Plasticity-Inducing TMS Protocols to Investigate Somatosensory Control of Hand Function

1Department of Kinesiology, University of Waterloo, 200 University Avenue West, Waterloo, ON, Canada N2L 3G1
2Department of Medicine, University of Toronto, Toronto, ON, Canada M5S 1A1

Received 17 January 2012; Revised 27 February 2012; Accepted 14 March 2012

Academic Editor: Marie-Hélène Canu

Copyright © 2012 M. Jacobs et al. This is an open access article distributed under the Creative Commons Attribution License, which permits unrestricted use, distribution, and reproduction in any medium, provided the original work is properly cited.
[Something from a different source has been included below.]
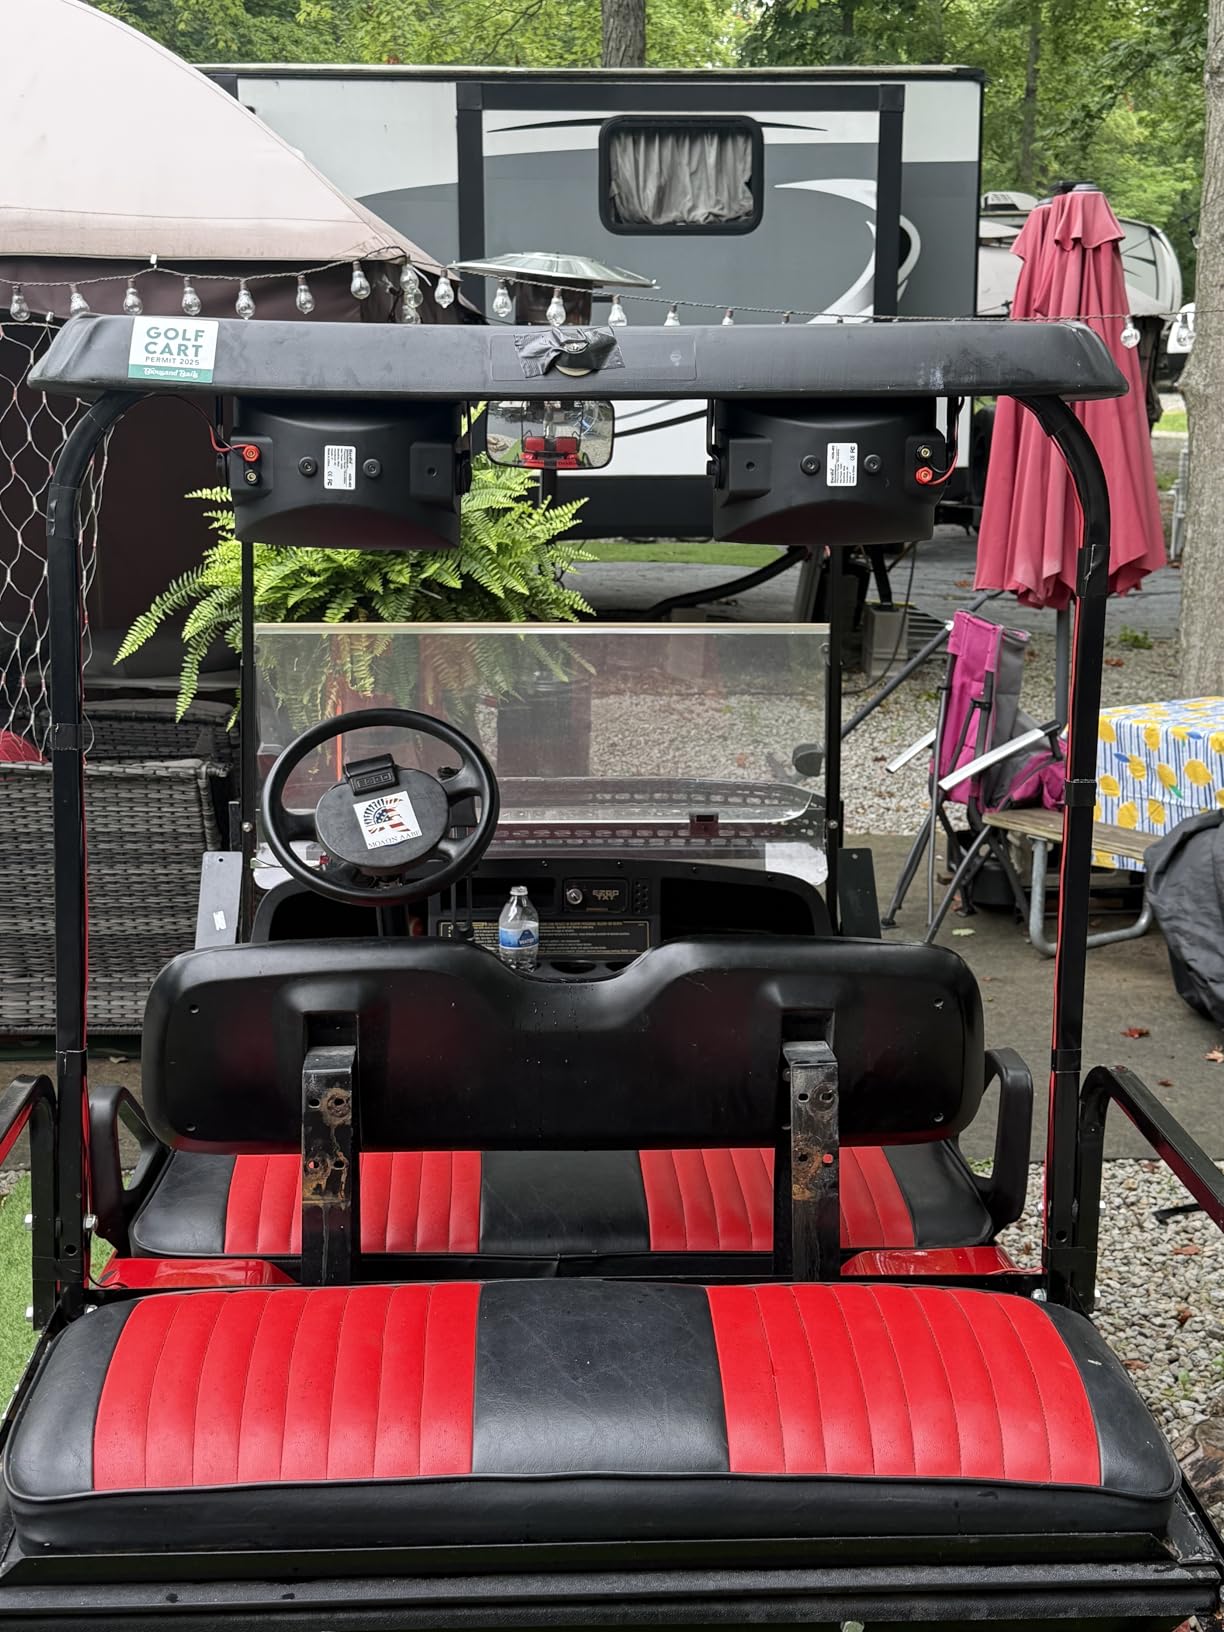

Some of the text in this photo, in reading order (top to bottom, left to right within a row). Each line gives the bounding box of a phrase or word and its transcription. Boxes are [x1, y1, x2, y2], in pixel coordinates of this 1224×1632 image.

[146, 326, 205, 342] GOLF
[144, 341, 203, 358] CART
[145, 356, 200, 366] PERMIT 2025
Hand function depends on sensory feedback to direct an appropriate motor response. There is clear evidence that somatosensory cortices modulate motor behaviour and physiology within primary motor cortex. However, this information is mainly from research in animals and the bridge to human hand control is needed. Emerging evidence in humans supports the notion that somatosensory cortices modulate motor behaviour, physiology and sensory perception. Transcranial magnetic stimulation (TMS) allows for the investigation of primary and higher-order somatosensory cortices and their role in control of hand movement in humans. This review provides a summary of several TMS protocols in the investigation of hand control via the somatosensory cortices. TMS plasticity inducing protocols reviewed include paired associative stimulation, repetitive TMS, theta-burst stimulation as well as other techniques that aim to modulate cortical excitability in sensorimotor cortices. Although the discussed techniques may modulate cortical excitability, careful consideration of experimental design is needed to isolate factors that may interfere with desired results of the plasticity-inducing protocol, specifically events that may lead to metaplasticity within the targeted cortex.